Three days! All alone! In my house!

I have been apart from my entire immediate family for work trips and, occasionally, for travel with friends. But I have not been alone in my place of residence for three whole days since I got married almost 27 years ago. My husband too has traveled in those intervening years, but there was always a kid, or two, or three rattling around the house in his absence, needing food and cuddles and to be driven to some birthday party, youth sporting event or other.

 

Now I would be completely and unbelievably alone. What on earth would I do with myself?

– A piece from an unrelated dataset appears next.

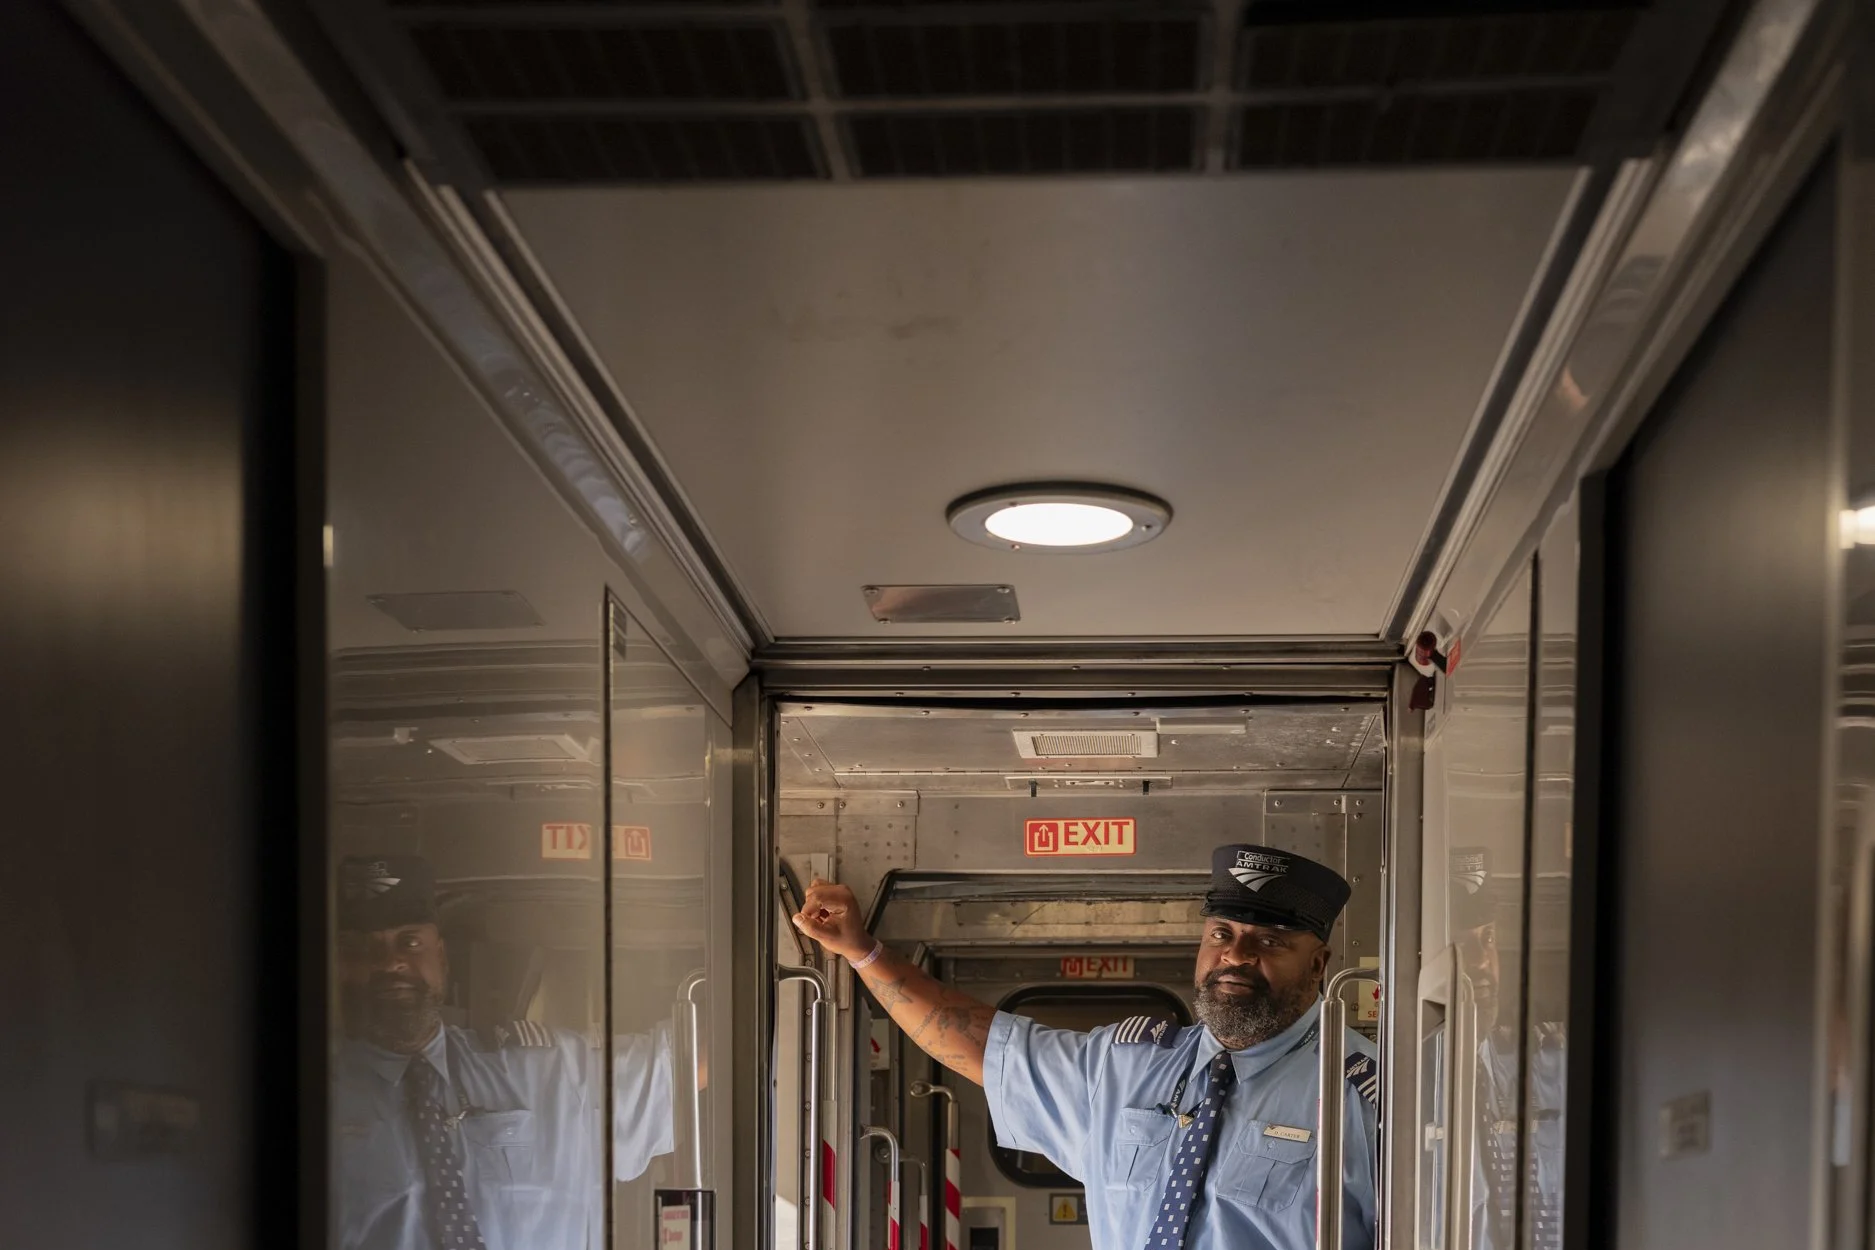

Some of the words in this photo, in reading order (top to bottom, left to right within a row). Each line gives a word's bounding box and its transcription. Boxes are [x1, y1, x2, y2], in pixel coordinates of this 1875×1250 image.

[1063, 821, 1130, 846] EXIT
[1244, 852, 1281, 864] Conductor
[1236, 860, 1288, 873] AMTRAK
[1086, 956, 1128, 973] EXIT

Well, the first thing I would do was get a phone call from my daughters informing me that their car had broken down on Interstate 5 north of Bakersfield. After that car was towed to a nearby garage and pronounced unfixable, I would then drive 2½ hours north to give them my car and ride back home with the busted one and a very nice AAA tow truck driver from Buttonwillow. (Shout out to G-dog of Castro Towing!)

Even so, most of the long weekend lay before me, silent, empty and absolutely extraordinary, especially after the project I had expected to be working on was delayed. The only items on my to-do list were "walk the dog" and "bring in the trash bins"; everything else was completely up to me.

If you are not a parent, especially of multiple children, it may be difficult to understand how surreal this felt. For more than a quarter of a century, my days have been structured around the needs of others. Not exclusively, of course — I have professional deadlines and dental appointments, social engagements and personal errands, including those conjured to deliver much-needed time on my own.